Text-to-region grounding data:
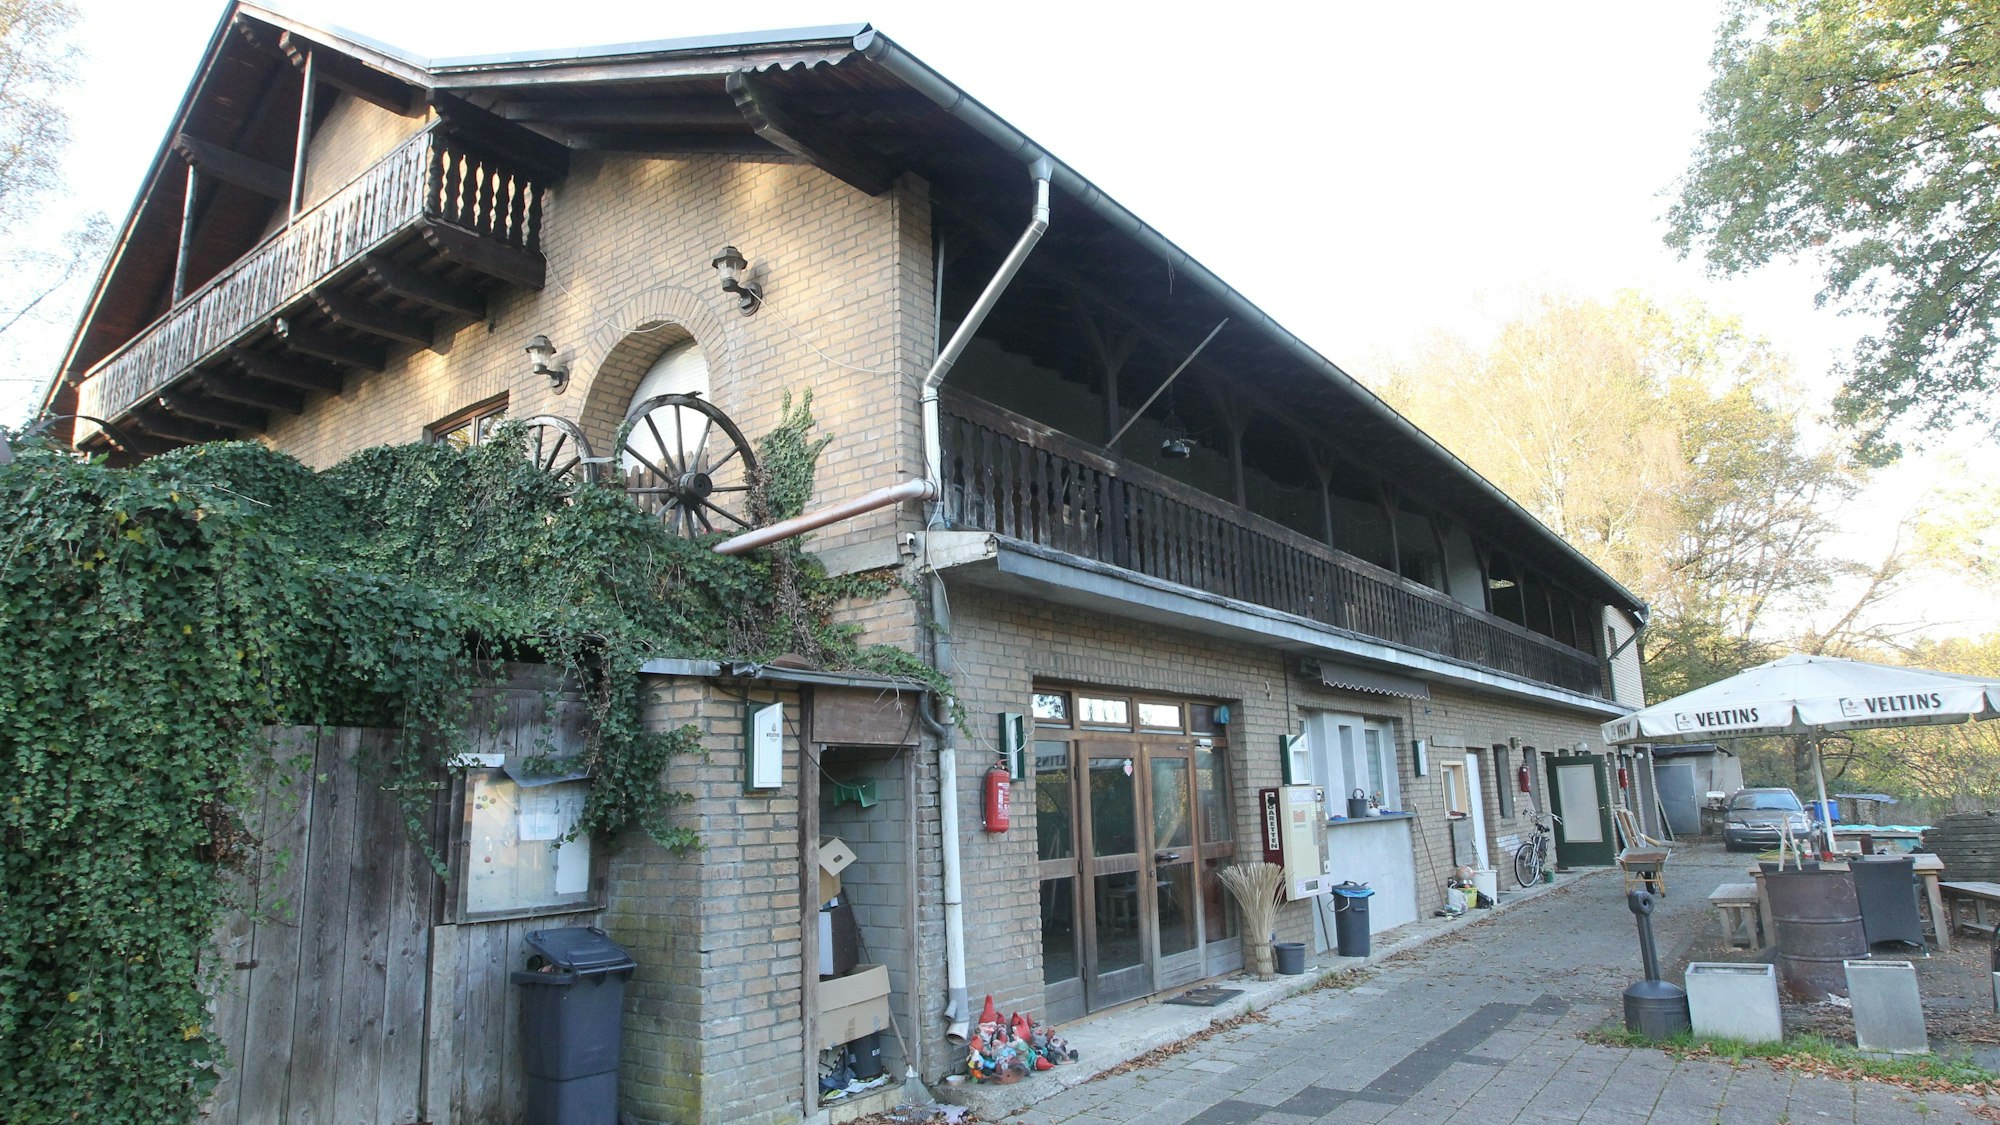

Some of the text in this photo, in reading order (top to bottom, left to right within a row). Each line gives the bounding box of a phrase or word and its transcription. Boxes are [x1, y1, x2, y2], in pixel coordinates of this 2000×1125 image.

[1864, 693, 1941, 714] VELTINS
[1695, 707, 1759, 727] VELTINS
[1267, 793, 1278, 849] CGARETTEN
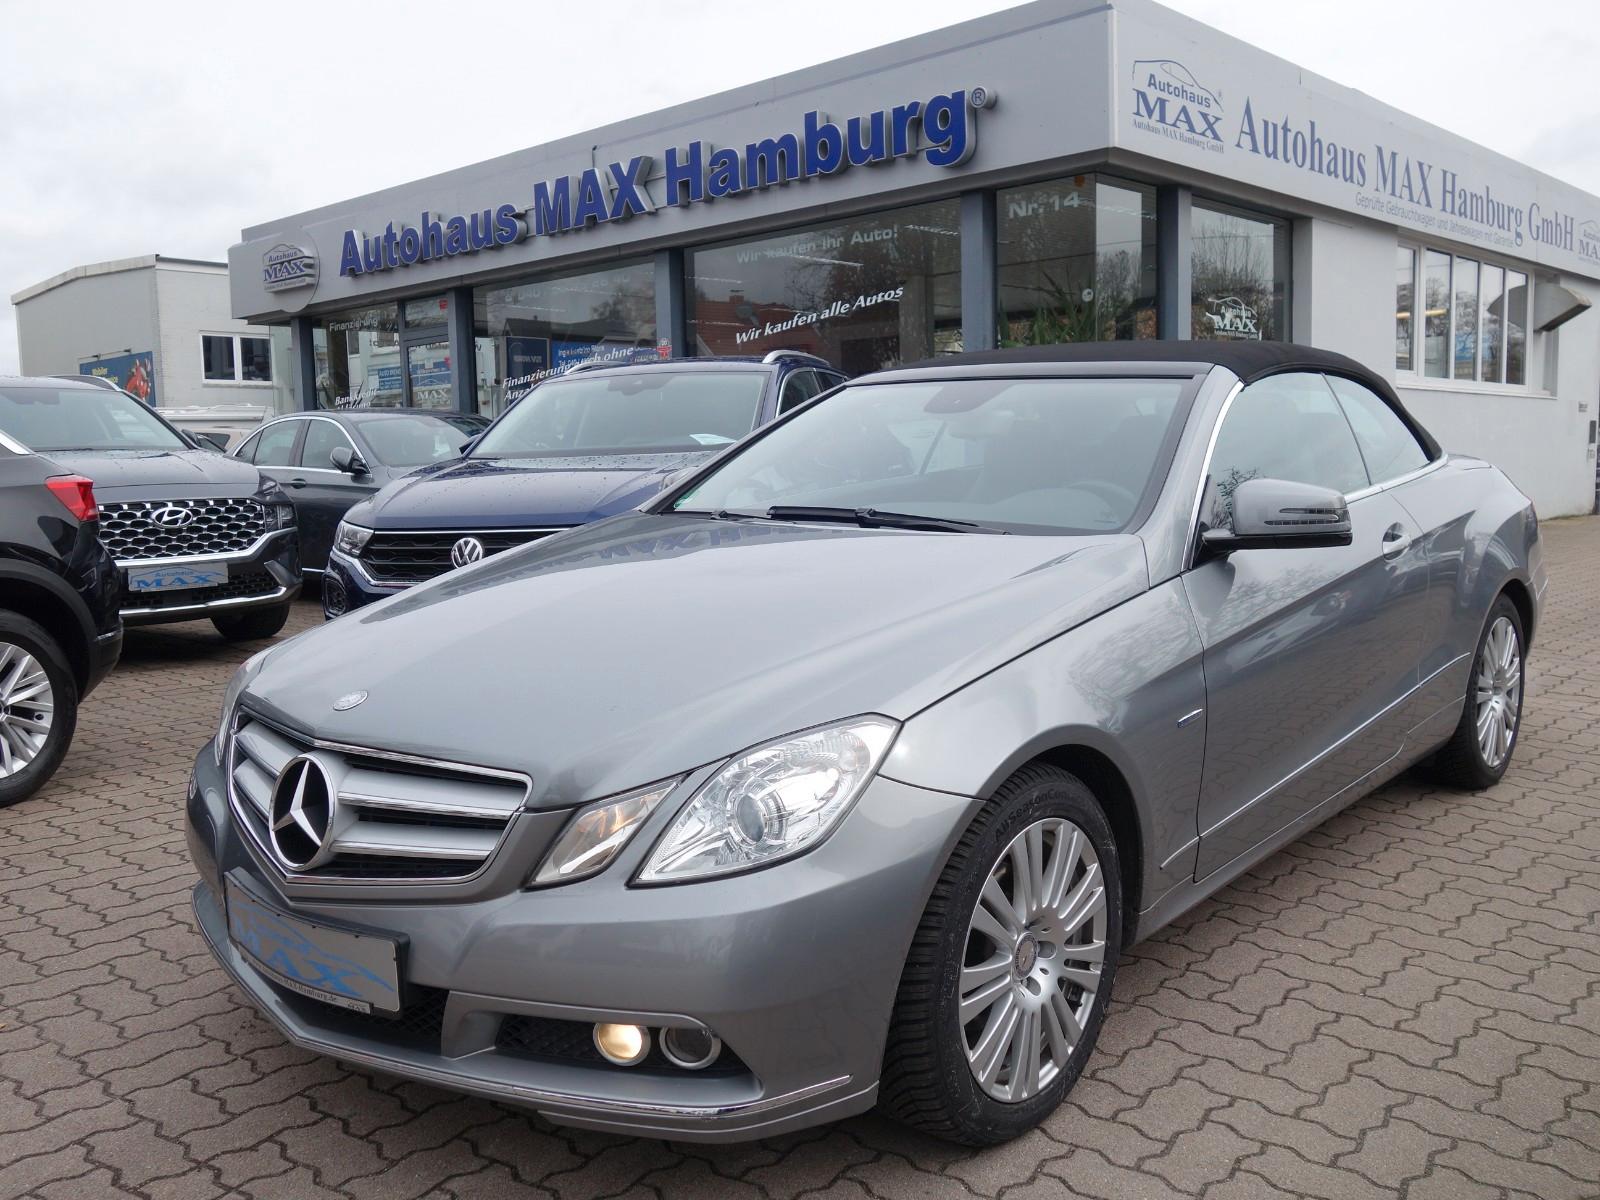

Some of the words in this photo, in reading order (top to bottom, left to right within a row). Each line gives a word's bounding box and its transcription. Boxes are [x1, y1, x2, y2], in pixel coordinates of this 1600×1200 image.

[1148, 73, 1211, 108] Autohaus
[1132, 88, 1224, 142] MAX
[1161, 126, 1178, 140] MAX
[1179, 132, 1206, 151] Hamburg
[339, 203, 519, 277] Autohaus
[533, 156, 647, 236] MAX
[664, 89, 968, 207] Hamburg
[1235, 96, 1367, 189] Autohaus
[1374, 144, 1433, 208] MAX
[1440, 168, 1524, 247] Hamburg
[1528, 203, 1575, 251] GmbH
[1049, 191, 1079, 211] 14
[1355, 191, 1385, 213] Geprüfte
[736, 249, 761, 265] Wir
[766, 241, 817, 258] kaufen
[851, 224, 898, 245] Auto!
[263, 260, 306, 281] MAX
[735, 328, 762, 344] Wir
[763, 312, 817, 336] kaufen
[820, 300, 850, 319] alle
[852, 286, 904, 311] Autos
[1213, 314, 1258, 333] MAX
[604, 347, 634, 361] ohne
[134, 574, 216, 590] MAX
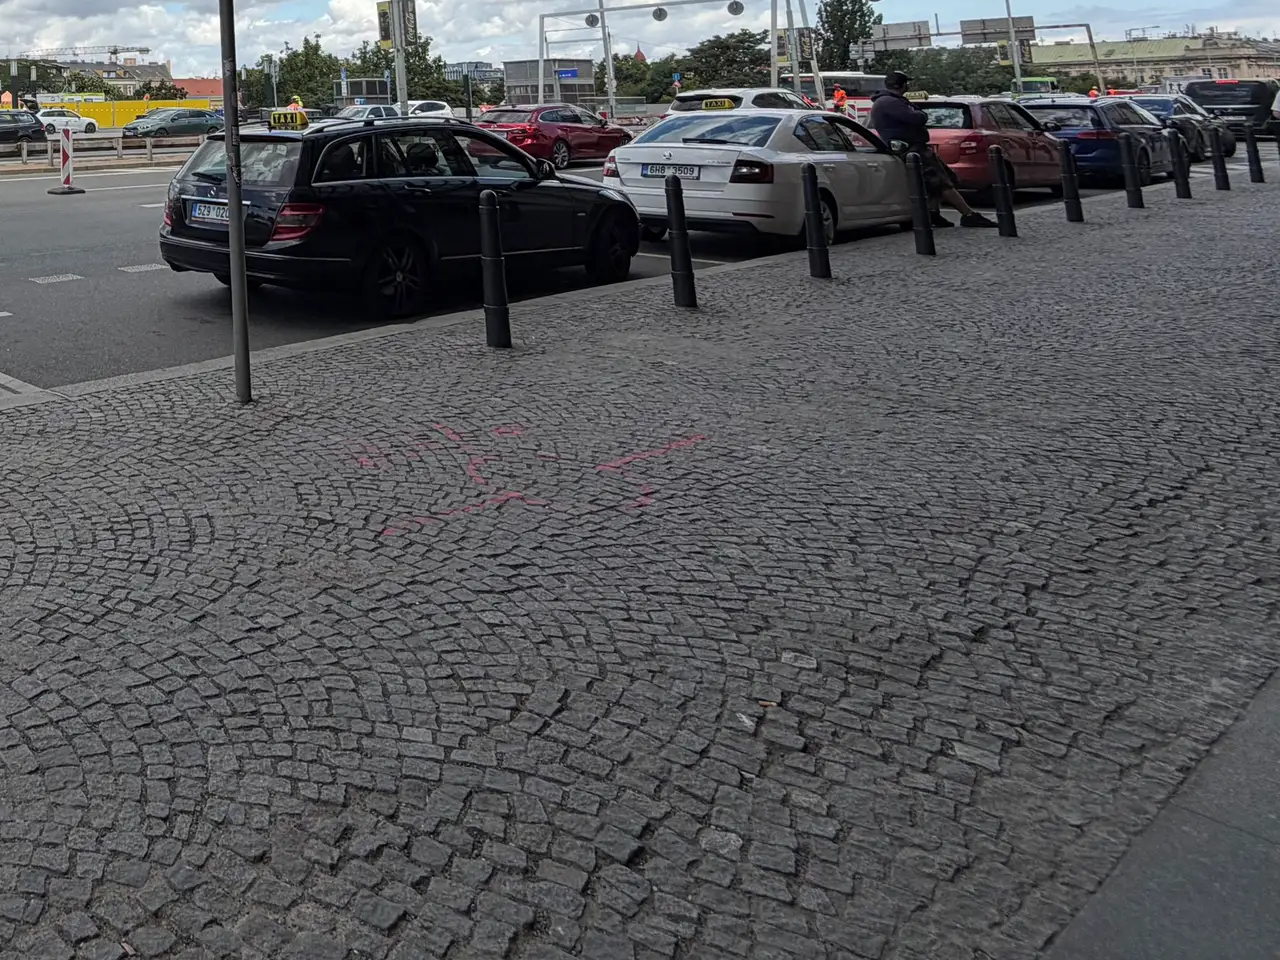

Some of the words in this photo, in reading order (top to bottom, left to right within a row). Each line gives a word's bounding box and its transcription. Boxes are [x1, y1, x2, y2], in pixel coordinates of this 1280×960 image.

[274, 114, 296, 123] TAXI
[649, 165, 666, 174] 6H8
[672, 166, 695, 175] 3509

▶ [YOUR INSTRUCTIONS] Your answer should consist only of the lines from the one with "this 1280×960 image." through the last line of the entries above, retyped exactly.

▶ [TASK SOLUTION]
Some of the words in this photo, in reading order (top to bottom, left to right within a row). Each line gives a word's bounding box and its transcription. Boxes are [x1, y1, x2, y2], in pixel coordinates of this 1280×960 image.

[274, 114, 296, 123] TAXI
[649, 165, 666, 174] 6H8
[672, 166, 695, 175] 3509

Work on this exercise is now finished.